Figure 5: Computing sum in non-recursive way
Now we will look at the same problem using recursive approaches and explore smaller similar sub-problems. One simple subproblem would be to compute S(n-1) i.e. sum of first n-1 natural numbers and then add n to this sum which gives the desired result. The decomposition into a smaller problem of size n-1 and corresponding implementation is shown in Figure 6. Line 02-03 in Figure 6b corresponds tobase case and lines 04-05 corresponds to recursive implementation.
Figure 6: Approach 1: computing S(n) using simple recursion
Now, we will look at this problem from a different perspective and dividing the original problem into multiple subproblems. One simple way to decompose the problem of computing S(n) into similar subproblems is shown in Figure 7.

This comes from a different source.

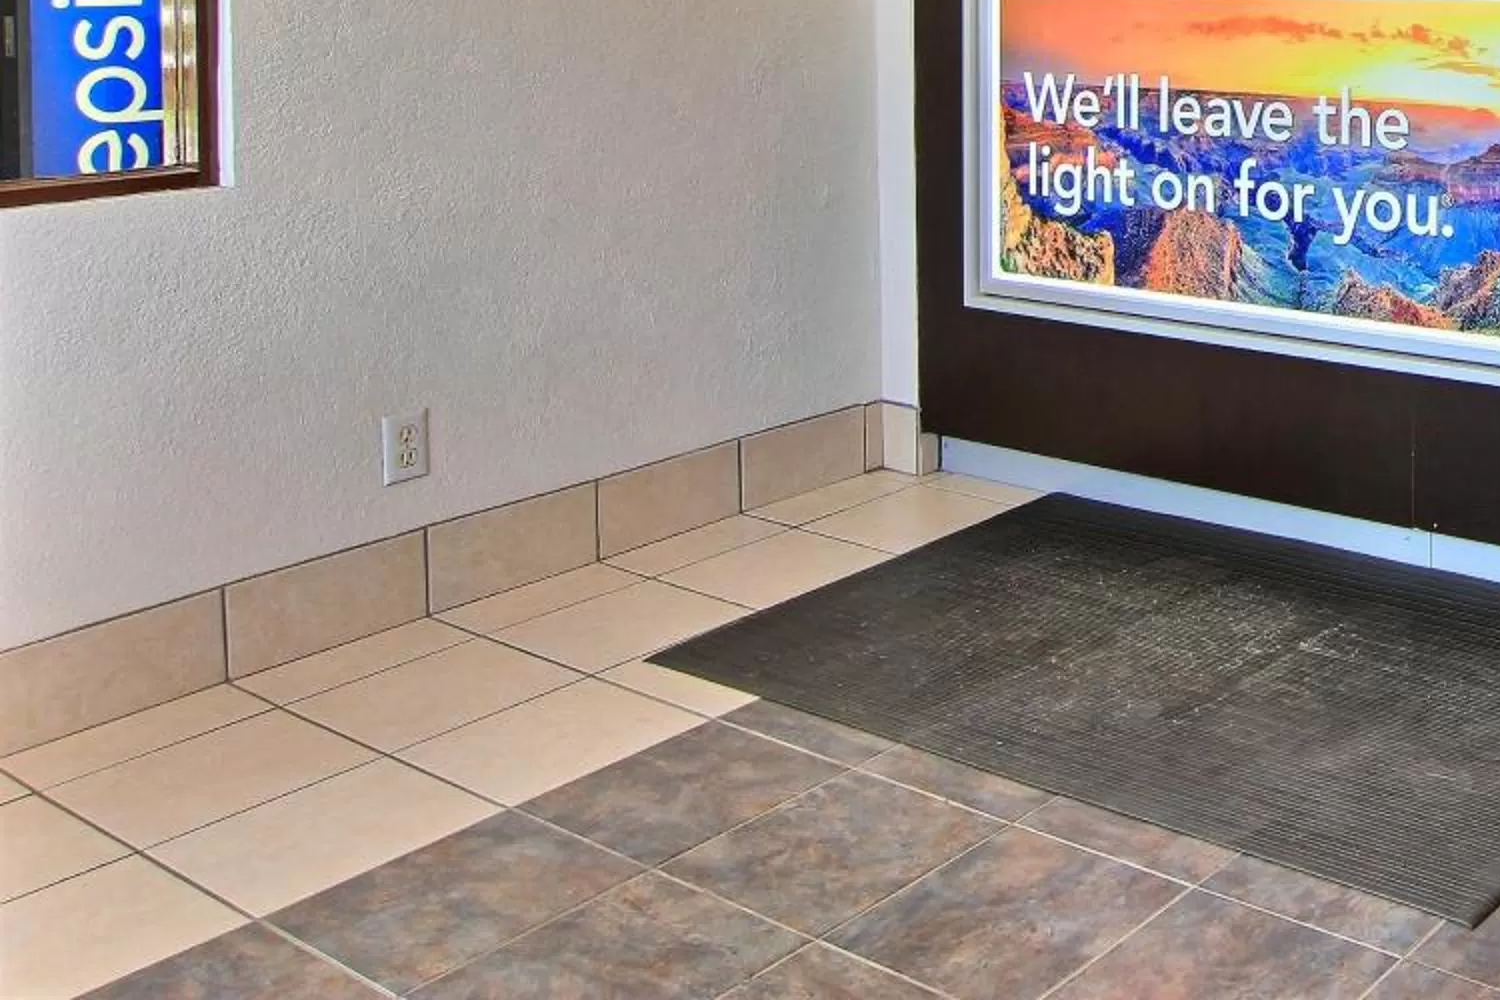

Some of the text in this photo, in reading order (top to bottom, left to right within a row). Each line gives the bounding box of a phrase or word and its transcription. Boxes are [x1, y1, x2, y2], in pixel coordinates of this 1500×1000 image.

Figure 7: Approach 2-Decompoistion using 4 similar sub problems
Figure 7a shows the decomposition when n is even. In this case there are 3 subproblems of size n/2 and one subproblem of size n/2-1. Thus, when n is even then S(n) will be computed as S(n)=3S(n/2)+S(n/2-1). Similarly, if n is odd, the problem S(n) can be decomposed in 3 subproblems of size (n-1)/2 and one subproblem of size (n+1)/2as shown in Figure 7b. Thus, when n is odd, S(n) is computed as S(n)=3S((n-1)/2)+S((n+1)/2).The purpose of elucidating this deliberately convoluted composition is to show the different approach that can be taken to solve a given problem. The essential idea is to look at a given problem and explore its visualization in its smaller avatars and once we reach a base case of smallest size subproblem, then build upon the solution from there onwards. Thus, we would like to stress that recursive implementation is not restricted to only 1 or 2 subproblems but can have as many subproblems as required. The recursive implementation using this decomposition is shown in Table 5. In this recursive implementation, the base case (lines 02-03) has only one component whereas recursive part (lines 04-07) deals with 4 components separately for when n is even and n is odd.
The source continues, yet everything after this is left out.